高校生を指導する栗原陵矢捕手=石川県小松市のこまつドーム

 2年連続で日本一に輝いたソフトバンクの栗原陵矢捕手(福井県・旧春江工業高校出身)が12月8日、福井新聞の取材に応じ、来季への意気込みを語った。プロ初安打、日本シリーズ出場と成果はあったが「納得はいかなかった。まだまだ成長しないと」ときっぱり。「来季はもっとスタメンで出たい」と飛躍を誓った。

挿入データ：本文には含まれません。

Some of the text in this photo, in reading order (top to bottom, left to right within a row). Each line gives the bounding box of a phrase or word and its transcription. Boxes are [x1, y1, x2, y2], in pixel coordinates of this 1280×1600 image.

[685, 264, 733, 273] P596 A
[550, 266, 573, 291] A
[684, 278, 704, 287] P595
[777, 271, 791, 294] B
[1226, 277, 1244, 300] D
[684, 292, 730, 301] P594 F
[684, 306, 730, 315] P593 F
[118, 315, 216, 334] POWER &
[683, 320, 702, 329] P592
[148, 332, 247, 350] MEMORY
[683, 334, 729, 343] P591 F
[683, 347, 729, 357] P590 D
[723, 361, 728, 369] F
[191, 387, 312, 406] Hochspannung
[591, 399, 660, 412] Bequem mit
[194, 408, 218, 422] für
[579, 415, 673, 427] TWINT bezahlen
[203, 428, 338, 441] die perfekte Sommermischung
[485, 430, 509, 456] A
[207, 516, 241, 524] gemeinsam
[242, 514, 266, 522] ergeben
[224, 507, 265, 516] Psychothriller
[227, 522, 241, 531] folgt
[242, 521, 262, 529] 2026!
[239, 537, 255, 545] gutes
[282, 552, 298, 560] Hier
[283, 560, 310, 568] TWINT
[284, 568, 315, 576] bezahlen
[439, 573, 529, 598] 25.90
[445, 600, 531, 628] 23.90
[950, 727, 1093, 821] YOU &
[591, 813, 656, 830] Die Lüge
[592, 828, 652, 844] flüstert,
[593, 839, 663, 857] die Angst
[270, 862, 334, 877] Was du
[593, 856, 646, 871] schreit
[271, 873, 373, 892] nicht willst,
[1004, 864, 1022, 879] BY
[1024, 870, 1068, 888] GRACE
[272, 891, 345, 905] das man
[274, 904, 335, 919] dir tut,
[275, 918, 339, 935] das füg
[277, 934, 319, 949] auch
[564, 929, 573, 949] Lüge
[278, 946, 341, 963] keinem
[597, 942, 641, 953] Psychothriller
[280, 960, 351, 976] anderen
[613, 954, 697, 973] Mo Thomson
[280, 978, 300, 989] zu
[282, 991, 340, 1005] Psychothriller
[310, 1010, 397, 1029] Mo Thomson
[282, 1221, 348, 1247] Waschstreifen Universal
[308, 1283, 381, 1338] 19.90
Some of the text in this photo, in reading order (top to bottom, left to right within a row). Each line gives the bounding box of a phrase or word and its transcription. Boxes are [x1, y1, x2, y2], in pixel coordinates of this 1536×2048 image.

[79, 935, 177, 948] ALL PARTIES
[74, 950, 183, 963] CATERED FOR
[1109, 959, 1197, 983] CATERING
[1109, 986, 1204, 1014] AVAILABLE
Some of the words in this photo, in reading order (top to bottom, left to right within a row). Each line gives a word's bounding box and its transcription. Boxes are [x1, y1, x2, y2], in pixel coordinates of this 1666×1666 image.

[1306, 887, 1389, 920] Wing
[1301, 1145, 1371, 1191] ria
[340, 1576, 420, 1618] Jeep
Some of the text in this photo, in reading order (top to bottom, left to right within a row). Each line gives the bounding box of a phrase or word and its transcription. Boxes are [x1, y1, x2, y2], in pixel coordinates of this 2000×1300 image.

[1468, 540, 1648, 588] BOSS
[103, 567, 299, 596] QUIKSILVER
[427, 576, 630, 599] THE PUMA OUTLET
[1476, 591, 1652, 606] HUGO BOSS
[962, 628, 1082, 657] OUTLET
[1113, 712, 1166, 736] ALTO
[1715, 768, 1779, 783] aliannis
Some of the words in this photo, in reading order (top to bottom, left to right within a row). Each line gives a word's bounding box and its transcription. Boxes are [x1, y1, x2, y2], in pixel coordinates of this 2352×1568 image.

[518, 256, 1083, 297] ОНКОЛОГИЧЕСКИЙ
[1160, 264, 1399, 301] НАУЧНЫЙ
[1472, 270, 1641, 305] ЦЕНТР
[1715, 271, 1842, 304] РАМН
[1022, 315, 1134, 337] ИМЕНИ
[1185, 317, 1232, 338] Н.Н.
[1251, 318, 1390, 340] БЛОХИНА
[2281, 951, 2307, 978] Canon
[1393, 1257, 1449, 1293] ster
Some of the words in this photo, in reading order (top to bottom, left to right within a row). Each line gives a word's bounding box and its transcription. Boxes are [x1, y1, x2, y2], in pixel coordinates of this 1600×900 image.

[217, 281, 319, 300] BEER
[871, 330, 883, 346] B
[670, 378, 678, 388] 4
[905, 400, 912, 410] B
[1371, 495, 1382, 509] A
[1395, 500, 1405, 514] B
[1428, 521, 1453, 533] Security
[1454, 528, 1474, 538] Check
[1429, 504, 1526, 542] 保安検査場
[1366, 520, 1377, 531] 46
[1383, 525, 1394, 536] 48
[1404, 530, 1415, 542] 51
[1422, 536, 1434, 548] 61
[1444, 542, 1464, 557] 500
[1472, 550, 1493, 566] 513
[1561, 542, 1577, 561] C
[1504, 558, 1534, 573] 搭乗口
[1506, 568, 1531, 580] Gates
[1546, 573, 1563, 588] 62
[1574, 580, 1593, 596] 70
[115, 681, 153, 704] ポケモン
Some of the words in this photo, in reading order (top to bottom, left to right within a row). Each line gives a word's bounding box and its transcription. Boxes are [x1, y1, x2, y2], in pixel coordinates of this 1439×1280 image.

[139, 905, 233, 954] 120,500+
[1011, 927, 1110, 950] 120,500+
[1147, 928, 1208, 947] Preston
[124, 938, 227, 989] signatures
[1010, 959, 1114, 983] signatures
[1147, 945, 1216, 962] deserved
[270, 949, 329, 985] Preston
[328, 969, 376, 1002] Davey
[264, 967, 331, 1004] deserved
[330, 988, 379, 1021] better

 4年目の今季は、正捕手争いを期待されたが2月の春季キャンプで左肩を痛め、早々と戦線を離脱。「最低でも50試合には出るつもりだった。開幕から戦うステージに立てなかったのは苦しかった」と振り返る。

 それでも8月に1軍登録されると、9月5日のロッテ戦でプロ初安打を記録。自己最高となる11試合に出場し、日本シリーズでは代打で犠打を成功させた。「自分の売りはバッティング。1軍の打席に立てたことは大きい。来年につながる」と手応えを示した。

 正捕手の座を狙う栗原にとって、来季も厳しい戦いが待っている。日本シリーズMVPの甲斐拓也を筆頭にチームメートには実力者がそろう。だが「ポジションは一つしかない。あの人たちを越えて試合に出るつもりでいる」と闘志は十分だ。「日本一の喜びよりも、グラウンドに立てなかった悔しさの方が大きい。来年こそ自分がマスクをかぶる」と言い切った。

 この日は、石川県小松市のこまつドームで開かれた日本高野連、日本野球機構(NPB)などが主催するシンポジウム「夢の向こうに」に参加。京田陽太(中日)、角中勝也(ロッテ)らとともに高校生たちを指導した。